## Instructions to follow:
Return the data below exactly, minus the pictures.

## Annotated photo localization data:
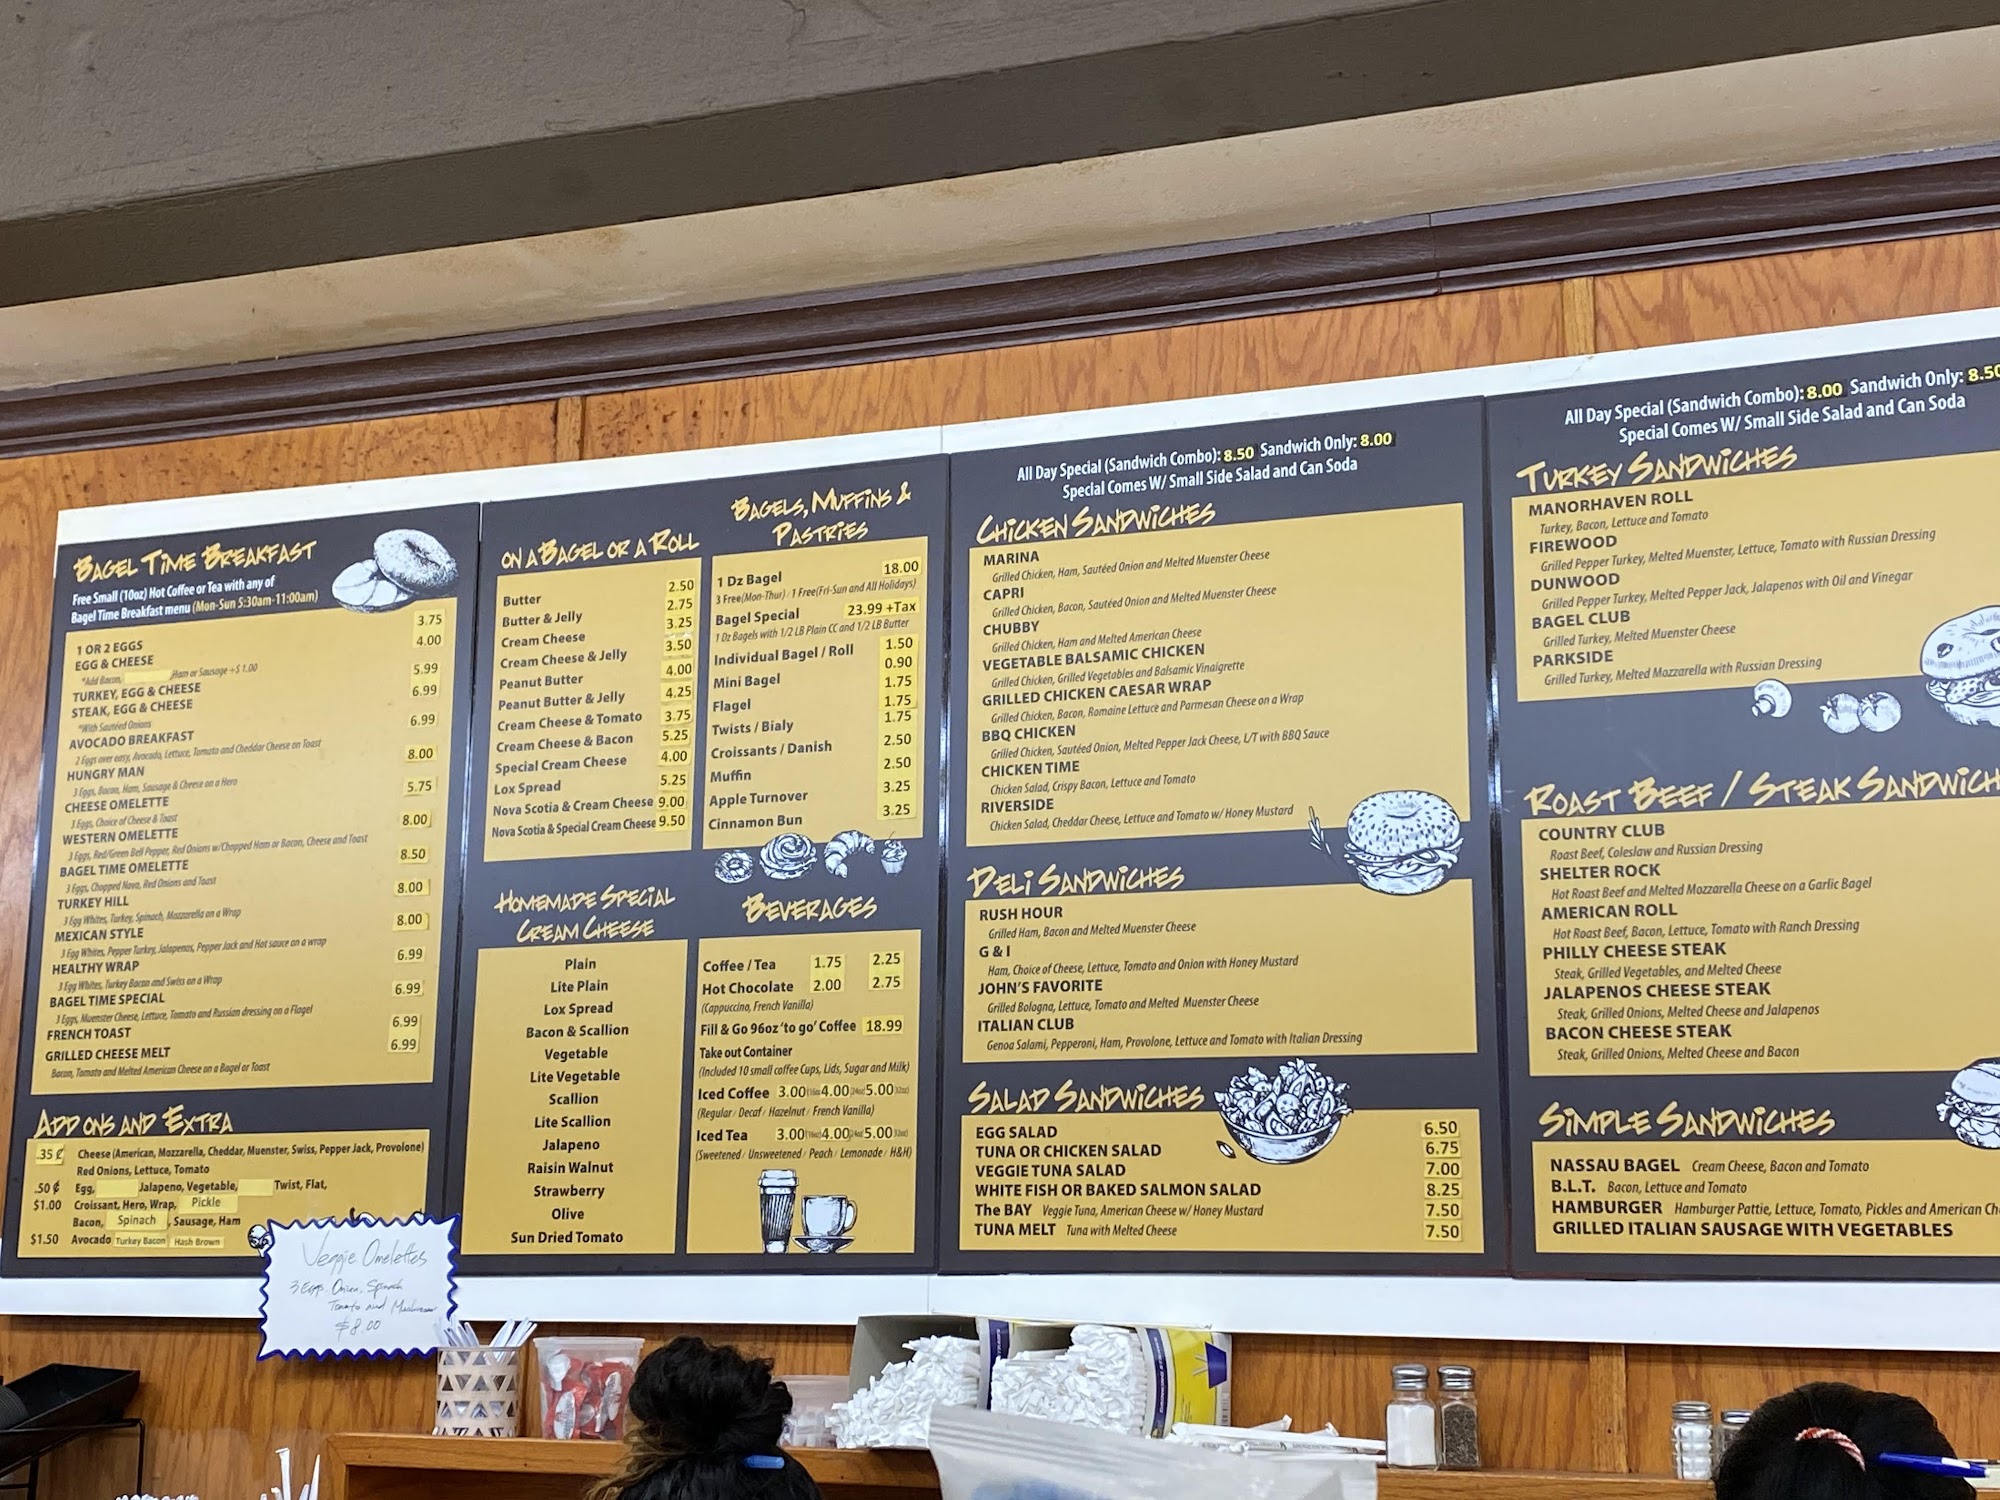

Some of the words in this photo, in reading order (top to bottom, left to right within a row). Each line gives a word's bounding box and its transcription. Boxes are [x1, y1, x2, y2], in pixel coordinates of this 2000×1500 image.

[1061, 479, 1105, 502] Special
[1107, 478, 1147, 494] Comes
[1148, 473, 1167, 490] W/
[1168, 470, 1204, 489] Small
[1205, 468, 1233, 485] Side
[1234, 464, 1270, 482] Salad
[1272, 462, 1297, 478] and
[1299, 461, 1323, 476] Can
[1325, 457, 1358, 473] Soda
[1528, 493, 1647, 517] MANORHAVEN
[1650, 489, 1693, 506] ROLL
[1539, 520, 1574, 535] Turkey,
[1575, 519, 1609, 532] Bacon,
[1610, 516, 1648, 528] Lettuce
[1648, 510, 1670, 525] and
[1670, 509, 1709, 523] Tomato
[982, 549, 1040, 567] MARINA
[884, 560, 920, 576] 18.00
[667, 578, 694, 593] 2.50
[716, 576, 723, 588] 1
[726, 575, 744, 587] Dz
[746, 570, 782, 587] Bagel
[1530, 572, 1620, 592] DUNWOOD
[417, 613, 442, 626] 3.75
[501, 615, 541, 628] Butter
[542, 612, 553, 624] &
[553, 609, 583, 624] Jelly
[715, 632, 720, 643] 1
[720, 631, 732, 643] Dz
[731, 628, 759, 644] Bagels
[759, 627, 778, 639] with
[779, 625, 794, 638] 1/2
[793, 624, 805, 637] LB
[804, 623, 827, 636] Plain
[827, 621, 839, 634] CC
[838, 620, 856, 633] and
[856, 619, 871, 632] 1/2
[870, 618, 883, 631] LB
[882, 618, 910, 630] Butter
[76, 644, 82, 656] 1
[84, 643, 102, 655] OR
[103, 642, 111, 654] 2
[112, 639, 143, 653] EGGS
[415, 633, 442, 646] 4.00
[500, 636, 540, 648] Cream
[541, 631, 586, 645] Cheese
[74, 658, 98, 672] EGG
[99, 657, 109, 670] &
[110, 653, 154, 669] CHEESE
[1532, 649, 1614, 668] PARKSIDE
[68, 734, 126, 750] AVOCADO
[127, 729, 195, 746] BREAKFAST
[709, 768, 752, 783] Muffin
[989, 782, 1023, 796] Chicken
[1023, 780, 1050, 794] Salad,
[1051, 779, 1079, 794] Crispy
[1078, 778, 1109, 790] Bacon,
[1109, 776, 1143, 789] Lettuce
[1142, 773, 1162, 786] and
[1162, 773, 1196, 785] Tomato
[979, 907, 1018, 921] RUSH
[1020, 905, 1063, 920] HOUR
[872, 951, 901, 966] 2.25
[1542, 944, 1599, 960] PHILLY
[1602, 942, 1667, 958] CHEESE
[1670, 941, 1727, 957] STEAK
[702, 958, 744, 973] Coffee
[746, 958, 752, 972] /
[753, 957, 776, 971] Tea
[813, 955, 842, 969] 1.75
[1553, 966, 1585, 981] Steak,
[1586, 965, 1622, 979] Grilled
[1622, 964, 1682, 981] Vegetables,
[1683, 963, 1706, 977] and
[1705, 961, 1744, 976] Melted
[1744, 961, 1782, 976] Cheese
[700, 1000, 752, 1016] (Cappuccino,
[752, 999, 781, 1012] French
[782, 998, 814, 1011] Vanilla)
[392, 1014, 418, 1028] 6.99
[865, 1018, 903, 1033] 18.99
[525, 1026, 564, 1039] Bacon
[566, 1024, 577, 1037] &
[578, 1023, 629, 1037] Scallion
[44, 1048, 93, 1062] GRILLED
[94, 1047, 139, 1060] CHEESE
[140, 1045, 171, 1059] MELT
[76, 1148, 111, 1159] Cheese
[111, 1146, 156, 1160] (American,
[157, 1145, 206, 1158] Mozzarella,
[206, 1144, 246, 1157] Cheddar,
[246, 1144, 290, 1156] Muenster,
[290, 1143, 318, 1156] Swiss,
[318, 1143, 351, 1157] Pepper
[350, 1142, 374, 1155] Jack,
[375, 1141, 425, 1154] Provolone)
[1549, 1157, 1620, 1172] NASSAU
[1623, 1157, 1681, 1172] BAGEL
[1691, 1159, 1726, 1172] Cream
[1726, 1159, 1767, 1174] Cheese,
[1769, 1158, 1803, 1173] Bacon
[1804, 1158, 1827, 1172] and
[1828, 1158, 1870, 1172] Tomato
[533, 1183, 605, 1200] Strawberry
[974, 1183, 1022, 1197] WHITE
[1024, 1183, 1058, 1197] FISH
[1060, 1183, 1083, 1197] OR
[1085, 1183, 1137, 1197] BAKED
[1139, 1182, 1206, 1196] SALMON
[1209, 1182, 1262, 1197] SALAD
[1426, 1183, 1460, 1197] 8.25
[32, 1198, 62, 1212] $1.00
[73, 1199, 121, 1211] Croissant,
[121, 1198, 148, 1211] Hero,
[148, 1198, 177, 1213] Wrap,
[190, 1195, 221, 1208] Pickle
[973, 1203, 1001, 1216] The
[1003, 1203, 1033, 1216] BAY
[1042, 1204, 1073, 1219] Veggie
[1073, 1204, 1099, 1218] Tuna,
[1099, 1204, 1144, 1217] American
[1144, 1204, 1177, 1217] Cheese
[1177, 1204, 1193, 1217] w/
[1192, 1204, 1223, 1219] Honey
[1223, 1204, 1264, 1217] Mustard
[116, 1213, 157, 1228] Spinach
[1551, 1220, 1624, 1235] GRILLED
[1627, 1221, 1696, 1236] ITALIAN
[1700, 1221, 1784, 1236] SAUSAGE
[1785, 1221, 1834, 1237] WITH
[1836, 1221, 1953, 1237] VEGETABLES

## Answer area:
Some of the words in this photo, in reading order (top to bottom, left to right within a row). Each line gives a word's bounding box and its transcription. Boxes are [x1, y1, x2, y2], in pixel coordinates of this 2000×1500 image.

[1061, 479, 1105, 502] Special
[1107, 478, 1147, 494] Comes
[1148, 473, 1167, 490] W/
[1168, 470, 1204, 489] Small
[1205, 468, 1233, 485] Side
[1234, 464, 1270, 482] Salad
[1272, 462, 1297, 478] and
[1299, 461, 1323, 476] Can
[1325, 457, 1358, 473] Soda
[1528, 493, 1647, 517] MANORHAVEN
[1650, 489, 1693, 506] ROLL
[1539, 520, 1574, 535] Turkey,
[1575, 519, 1609, 532] Bacon,
[1610, 516, 1648, 528] Lettuce
[1648, 510, 1670, 525] and
[1670, 509, 1709, 523] Tomato
[982, 549, 1040, 567] MARINA
[884, 560, 920, 576] 18.00
[667, 578, 694, 593] 2.50
[716, 576, 723, 588] 1
[726, 575, 744, 587] Dz
[746, 570, 782, 587] Bagel
[1530, 572, 1620, 592] DUNWOOD
[417, 613, 442, 626] 3.75
[501, 615, 541, 628] Butter
[542, 612, 553, 624] &
[553, 609, 583, 624] Jelly
[715, 632, 720, 643] 1
[720, 631, 732, 643] Dz
[731, 628, 759, 644] Bagels
[759, 627, 778, 639] with
[779, 625, 794, 638] 1/2
[793, 624, 805, 637] LB
[804, 623, 827, 636] Plain
[827, 621, 839, 634] CC
[838, 620, 856, 633] and
[856, 619, 871, 632] 1/2
[870, 618, 883, 631] LB
[882, 618, 910, 630] Butter
[76, 644, 82, 656] 1
[84, 643, 102, 655] OR
[103, 642, 111, 654] 2
[112, 639, 143, 653] EGGS
[415, 633, 442, 646] 4.00
[500, 636, 540, 648] Cream
[541, 631, 586, 645] Cheese
[74, 658, 98, 672] EGG
[99, 657, 109, 670] &
[110, 653, 154, 669] CHEESE
[1532, 649, 1614, 668] PARKSIDE
[68, 734, 126, 750] AVOCADO
[127, 729, 195, 746] BREAKFAST
[709, 768, 752, 783] Muffin
[989, 782, 1023, 796] Chicken
[1023, 780, 1050, 794] Salad,
[1051, 779, 1079, 794] Crispy
[1078, 778, 1109, 790] Bacon,
[1109, 776, 1143, 789] Lettuce
[1142, 773, 1162, 786] and
[1162, 773, 1196, 785] Tomato
[979, 907, 1018, 921] RUSH
[1020, 905, 1063, 920] HOUR
[872, 951, 901, 966] 2.25
[1542, 944, 1599, 960] PHILLY
[1602, 942, 1667, 958] CHEESE
[1670, 941, 1727, 957] STEAK
[702, 958, 744, 973] Coffee
[746, 958, 752, 972] /
[753, 957, 776, 971] Tea
[813, 955, 842, 969] 1.75
[1553, 966, 1585, 981] Steak,
[1586, 965, 1622, 979] Grilled
[1622, 964, 1682, 981] Vegetables,
[1683, 963, 1706, 977] and
[1705, 961, 1744, 976] Melted
[1744, 961, 1782, 976] Cheese
[700, 1000, 752, 1016] (Cappuccino,
[752, 999, 781, 1012] French
[782, 998, 814, 1011] Vanilla)
[392, 1014, 418, 1028] 6.99
[865, 1018, 903, 1033] 18.99
[525, 1026, 564, 1039] Bacon
[566, 1024, 577, 1037] &
[578, 1023, 629, 1037] Scallion
[44, 1048, 93, 1062] GRILLED
[94, 1047, 139, 1060] CHEESE
[140, 1045, 171, 1059] MELT
[76, 1148, 111, 1159] Cheese
[111, 1146, 156, 1160] (American,
[157, 1145, 206, 1158] Mozzarella,
[206, 1144, 246, 1157] Cheddar,
[246, 1144, 290, 1156] Muenster,
[290, 1143, 318, 1156] Swiss,
[318, 1143, 351, 1157] Pepper
[350, 1142, 374, 1155] Jack,
[375, 1141, 425, 1154] Provolone)
[1549, 1157, 1620, 1172] NASSAU
[1623, 1157, 1681, 1172] BAGEL
[1691, 1159, 1726, 1172] Cream
[1726, 1159, 1767, 1174] Cheese,
[1769, 1158, 1803, 1173] Bacon
[1804, 1158, 1827, 1172] and
[1828, 1158, 1870, 1172] Tomato
[533, 1183, 605, 1200] Strawberry
[974, 1183, 1022, 1197] WHITE
[1024, 1183, 1058, 1197] FISH
[1060, 1183, 1083, 1197] OR
[1085, 1183, 1137, 1197] BAKED
[1139, 1182, 1206, 1196] SALMON
[1209, 1182, 1262, 1197] SALAD
[1426, 1183, 1460, 1197] 8.25
[32, 1198, 62, 1212] $1.00
[73, 1199, 121, 1211] Croissant,
[121, 1198, 148, 1211] Hero,
[148, 1198, 177, 1213] Wrap,
[190, 1195, 221, 1208] Pickle
[973, 1203, 1001, 1216] The
[1003, 1203, 1033, 1216] BAY
[1042, 1204, 1073, 1219] Veggie
[1073, 1204, 1099, 1218] Tuna,
[1099, 1204, 1144, 1217] American
[1144, 1204, 1177, 1217] Cheese
[1177, 1204, 1193, 1217] w/
[1192, 1204, 1223, 1219] Honey
[1223, 1204, 1264, 1217] Mustard
[116, 1213, 157, 1228] Spinach
[1551, 1220, 1624, 1235] GRILLED
[1627, 1221, 1696, 1236] ITALIAN
[1700, 1221, 1784, 1236] SAUSAGE
[1785, 1221, 1834, 1237] WITH
[1836, 1221, 1953, 1237] VEGETABLES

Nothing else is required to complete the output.